É uma exposição imersiva em meio a um cenário incrível, em que as temáticas dos espetáculos mudam periodicamente.

Até janeiro de 2023 fica em cartaz “Venice, La Serenissima“, mostra que nos leva a presenciar tesouros artísticos e arquitetônicos de Veneza por meio da tecnologia.

Por 40 minutos somos transportados diretamente para os canais, ruas, praças e igrejas da cidade italiana.

Durante o mesmo período, uma exposição imersiva sobre Yves Klein também toma lugar na pedreira, em que mergulhamos nas obras e no tom de azul que foi nomeado em homenagem ao artista francês.

Os tíquetes individuais para apreciar ambas as exposições em conjunto custam 14,50 €.

A elegância de Saint-Rémy-de-Provence

Por fim, a pouca distância de Les Baux, fica Saint-Rémy, outra das tantas belas comunas que fazem do sul da França um local especial.

Escolhi passar por ela por três motivos: por carregar o charme de uma cidade pequena da Provence, pela sua gastronomia e também pela ligação com a história, já que Nostradamus e Van Gogh tiveram passagem por aqui.

A comuna é lar para cerca de 10 mil pessoas e fervilha de bares, bistrôs, brasseries e lojinhas ligadas à moda. Em poucas palavras, Saint-Rémy pode ser descrita como fofa e agradável, em que há locais para serem vistos não somente no centro mas também no entorno.

A dica aqui é passear sem roteiro pré-definido pelo centro e se surpreender com a vida local acontecendo. Às quartas-feiras procure pela feira livre matinal e experimente alguns produtinhos da região.

Como nas outras comunas e cidades acima, andar por Saint-Rémy a pé é a melhor opção, onde também acabamos encontrando muralhas medievais e resquícios de séculos passados, como uma janela de um hospital inaugurado em 1646, onde Van Gogh ficou internado por um bom período a partir de 1889.

Vários quadros foram pintados pelo artista neste meio tempo, quando a cidade serviu de inspiração para suas pinceladas, incluindo “A Noite Estrelada“, uma de suas obras mais famosas. Ela retrata a vista da janela do quarto do hospital pouco antes do nascer do sol.

O astrólogo, médico e vidente Nostradamus também tem ligação com Saint-Rémy: a comuna foi o local de seu nascimento, onde hoje podemos ver uma fonte em sua homenagem e uma rua que leva seu nome.

Para terminar a viagem da maneira que mais gosto, escolhi fazer uma paradinha em um bar de queijos pelas ruelas da cidade.

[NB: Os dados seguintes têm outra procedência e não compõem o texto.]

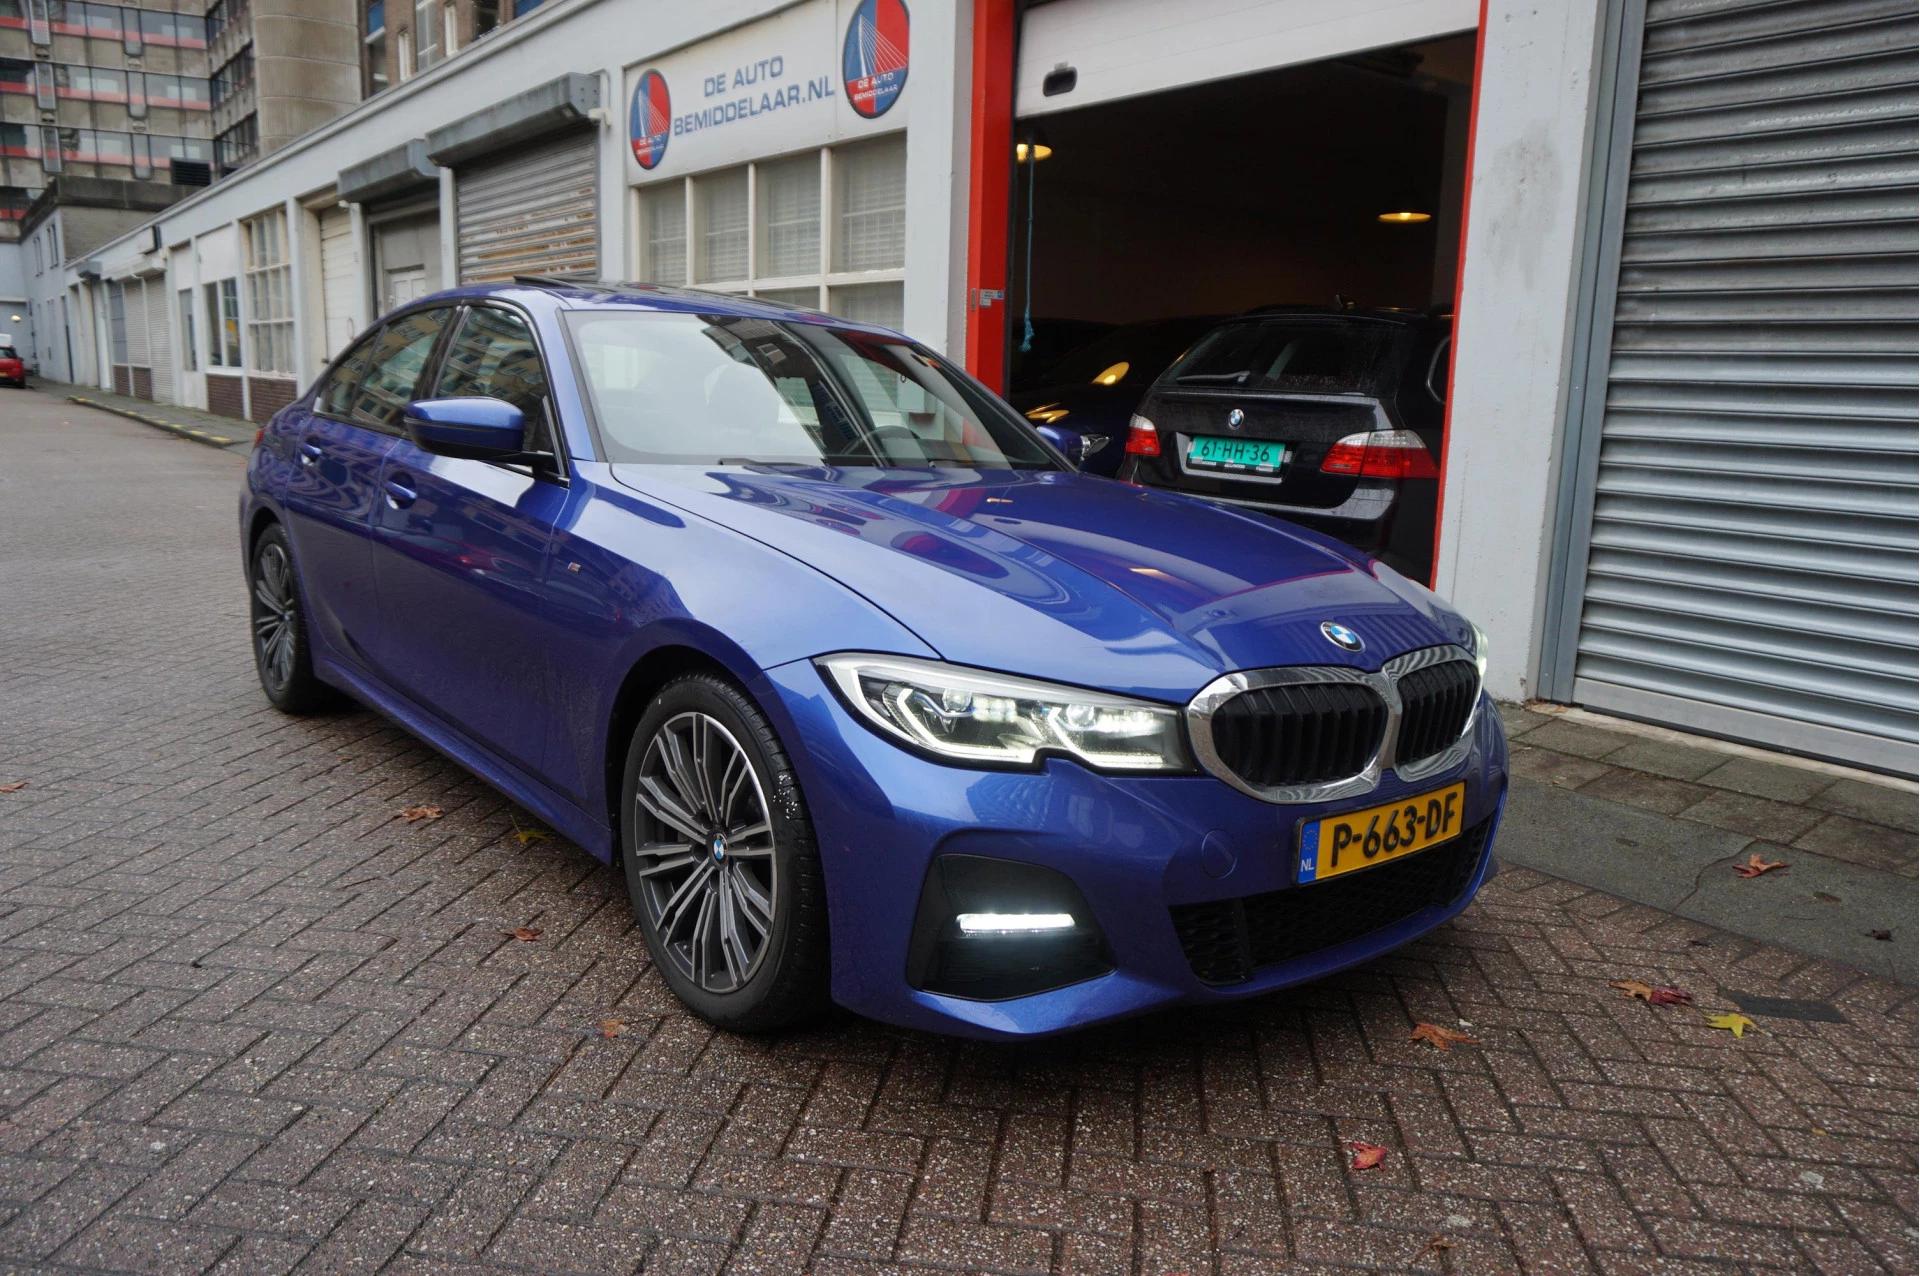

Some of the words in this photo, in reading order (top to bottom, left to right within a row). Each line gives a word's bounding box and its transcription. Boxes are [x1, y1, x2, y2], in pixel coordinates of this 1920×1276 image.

[704, 73, 726, 97] DE
[732, 55, 783, 89] AUTO
[858, 79, 869, 89] DE
[871, 72, 894, 86] AUTO
[673, 75, 835, 136] BEMIDDELAAR.NL
[1201, 440, 1270, 462] 61-HH-36
[1331, 791, 1458, 868] P-663-DF
[1300, 857, 1315, 873] NL

E a escolha não poderia ter sido melhor: sentei-me numa das mesinhas da La Cave Aux Fromages, bem no coração de Saint-Rémy, e degustei sem pressa uma tábua de queijos com vinhos e azeites.

Foi um achado! A cave da casa é do século 12, onde queijos e vinhos convivem harmoniosamente. Deparei novamente com os legados que a Provence deixou em mim: de curtir a viagem sem pressa e de me permitir viver experiências muitas vezes fora da minha zona de conforto.